--- DIRECTIONS ---
Word for word, restate the records that come next, omitting the images.

Top of PROVIDED RECORDS

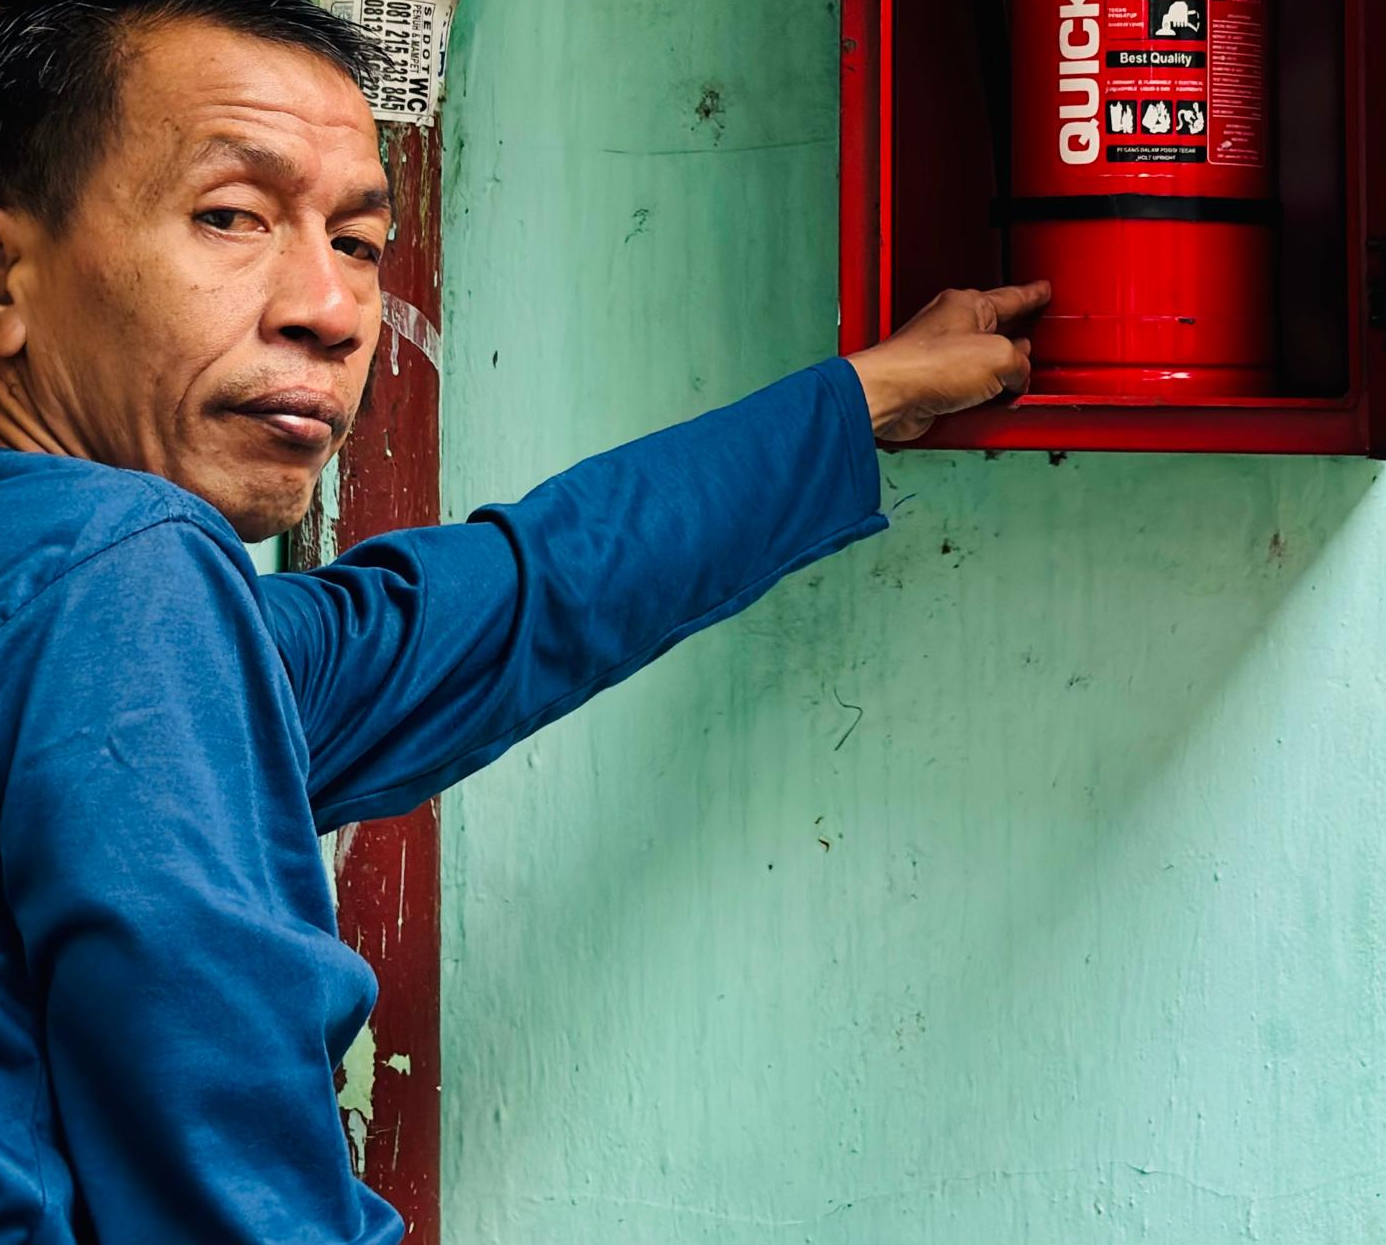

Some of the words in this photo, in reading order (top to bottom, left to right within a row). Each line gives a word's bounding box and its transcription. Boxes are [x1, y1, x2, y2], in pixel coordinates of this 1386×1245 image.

[386, 2, 411, 25] 081
[412, 4, 421, 30] PENUH
[385, 30, 410, 54] 215
[422, 7, 432, 75] SEDOT
[410, 40, 420, 73] MAMPET
[1120, 52, 1147, 63] Best
[1150, 52, 1192, 67] Quality
[381, 87, 406, 110] 845
[407, 78, 429, 112] WC

Bottom of PROVIDED RECORDS

--- SOLUTION ---
Some of the words in this photo, in reading order (top to bottom, left to right within a row). Each line gives a word's bounding box and its transcription. Boxes are [x1, y1, x2, y2], in pixel coordinates of this 1386×1245 image.

[386, 2, 411, 25] 081
[412, 4, 421, 30] PENUH
[385, 30, 410, 54] 215
[422, 7, 432, 75] SEDOT
[410, 40, 420, 73] MAMPET
[1120, 52, 1147, 63] Best
[1150, 52, 1192, 67] Quality
[381, 87, 406, 110] 845
[407, 78, 429, 112] WC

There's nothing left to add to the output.